[Collection entries]
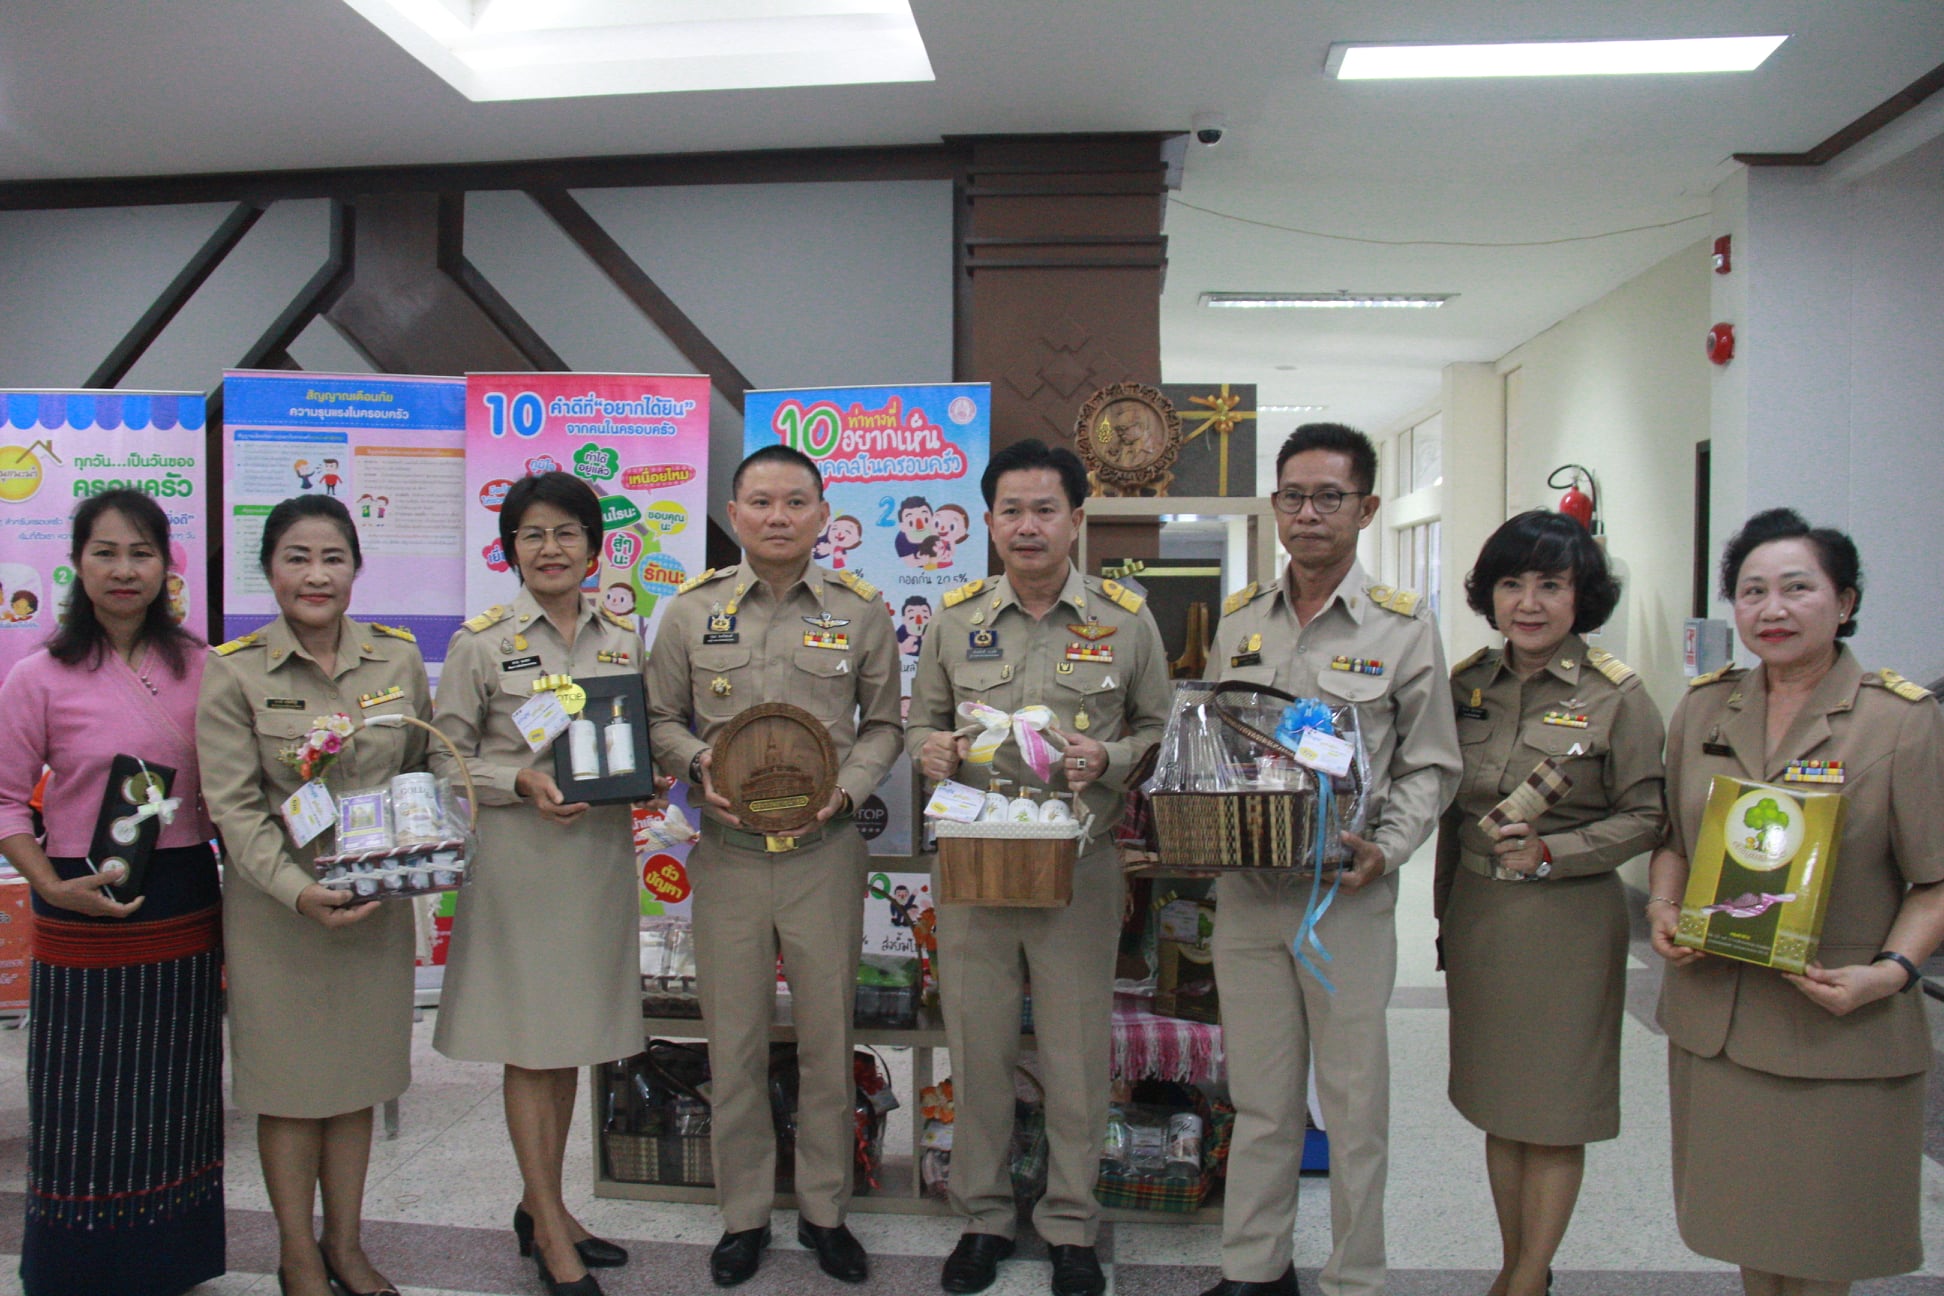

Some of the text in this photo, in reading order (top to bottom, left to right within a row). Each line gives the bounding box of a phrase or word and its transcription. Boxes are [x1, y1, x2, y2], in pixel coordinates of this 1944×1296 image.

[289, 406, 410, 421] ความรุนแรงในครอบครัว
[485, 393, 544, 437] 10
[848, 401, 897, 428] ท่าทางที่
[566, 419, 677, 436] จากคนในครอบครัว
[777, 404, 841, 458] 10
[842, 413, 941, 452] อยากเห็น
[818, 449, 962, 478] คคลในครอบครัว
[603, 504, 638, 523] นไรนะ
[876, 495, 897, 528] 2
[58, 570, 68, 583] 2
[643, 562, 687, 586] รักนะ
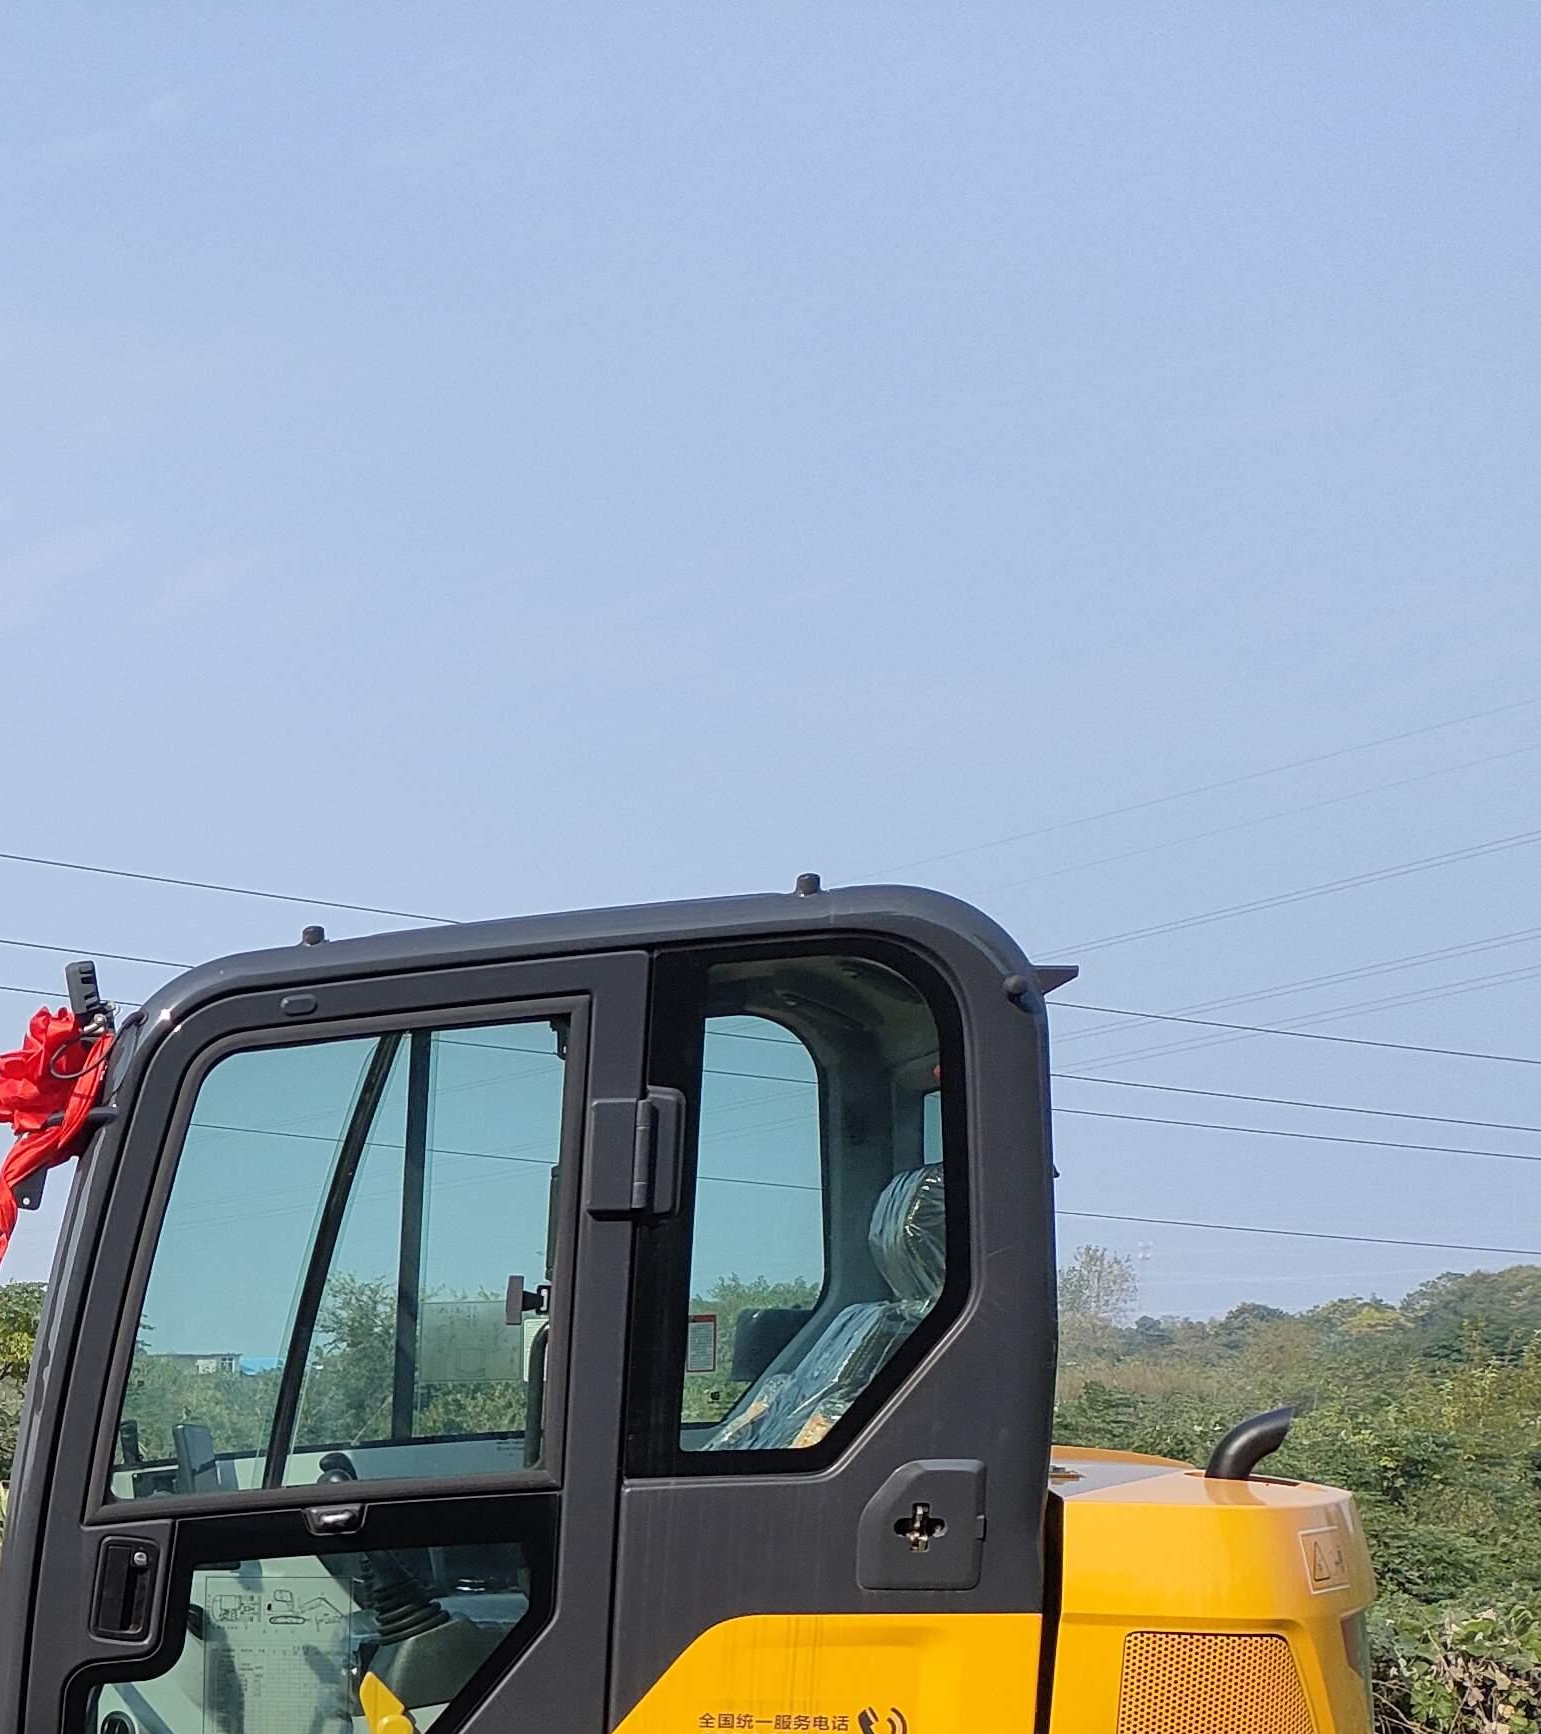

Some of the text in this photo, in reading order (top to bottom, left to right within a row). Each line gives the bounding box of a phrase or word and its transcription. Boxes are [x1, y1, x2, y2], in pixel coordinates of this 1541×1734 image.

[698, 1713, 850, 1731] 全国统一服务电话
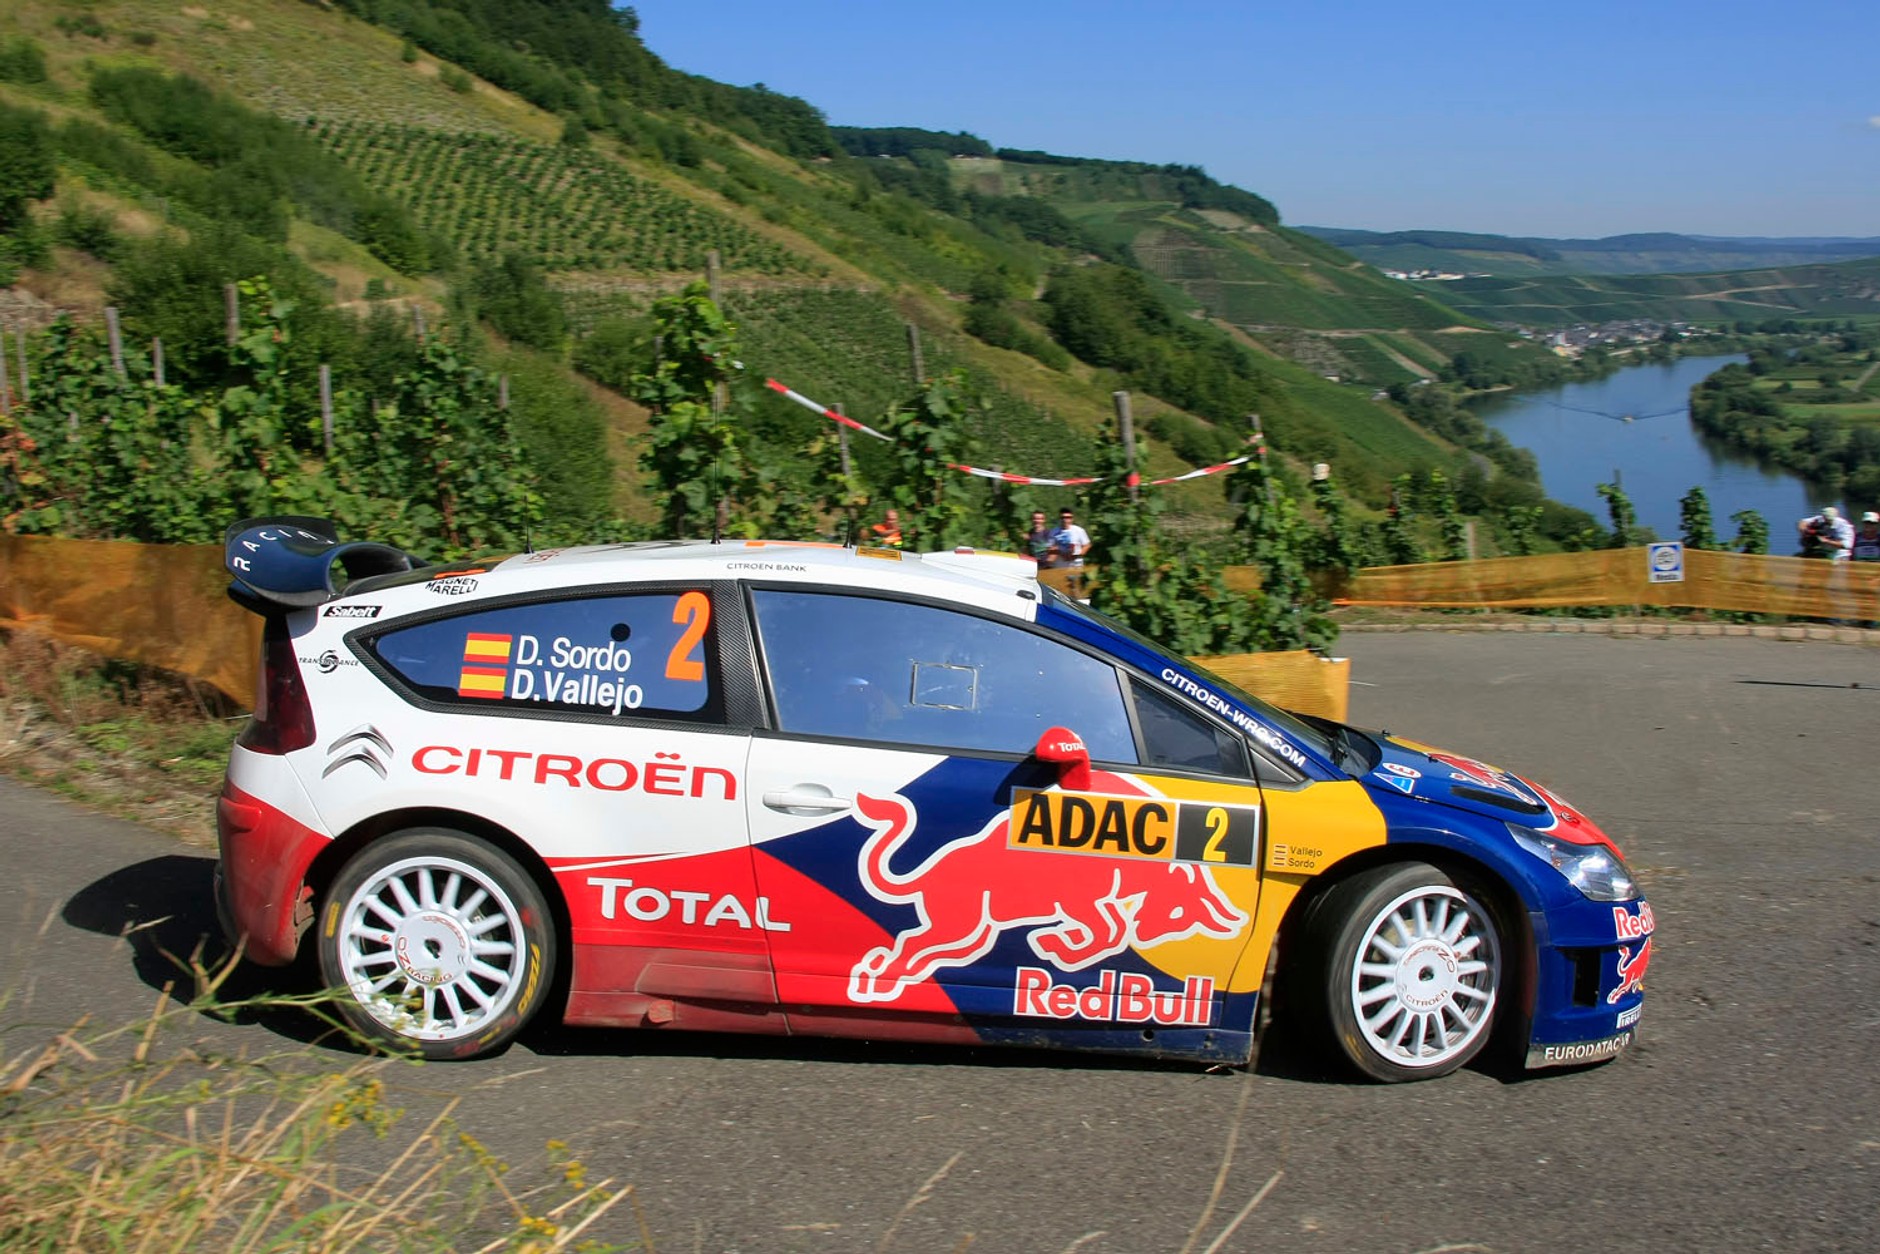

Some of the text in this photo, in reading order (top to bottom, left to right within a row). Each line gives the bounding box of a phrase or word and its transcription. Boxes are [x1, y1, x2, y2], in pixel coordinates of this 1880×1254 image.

◆ Brief
Each record above goes into the copy unchanged; the pictures do not.

◆ Task result
Some of the text in this photo, in reading order (top to bottom, left to right within a row). Each line gives the bounding box of a phrase or word and its transcription. Boxes are [x1, y1, x2, y2], in pixel coordinates of this 1944×1296 image.

[289, 406, 410, 421] ความรุนแรงในครอบครัว
[485, 393, 544, 437] 10
[848, 401, 897, 428] ท่าทางที่
[566, 419, 677, 436] จากคนในครอบครัว
[777, 404, 841, 458] 10
[842, 413, 941, 452] อยากเห็น
[818, 449, 962, 478] คคลในครอบครัว
[603, 504, 638, 523] นไรนะ
[876, 495, 897, 528] 2
[58, 570, 68, 583] 2
[643, 562, 687, 586] รักนะ

Some of the text in this photo, in reading order (top to bottom, left to right within a row). Each line gives the bounding box of a phrase or word and its transcription. Boxes are [x1, y1, x2, y2], in pixel coordinates of this 1541×1734 image.

[698, 1713, 850, 1731] 全国统一服务电话

Some of the text in this photo, in reading order (top to bottom, left to right within a row). Each line gives the bounding box of a phrase or word and its transcription. Boxes are [x1, y1, x2, y2], in pixel coordinates of this 1880×1254 image.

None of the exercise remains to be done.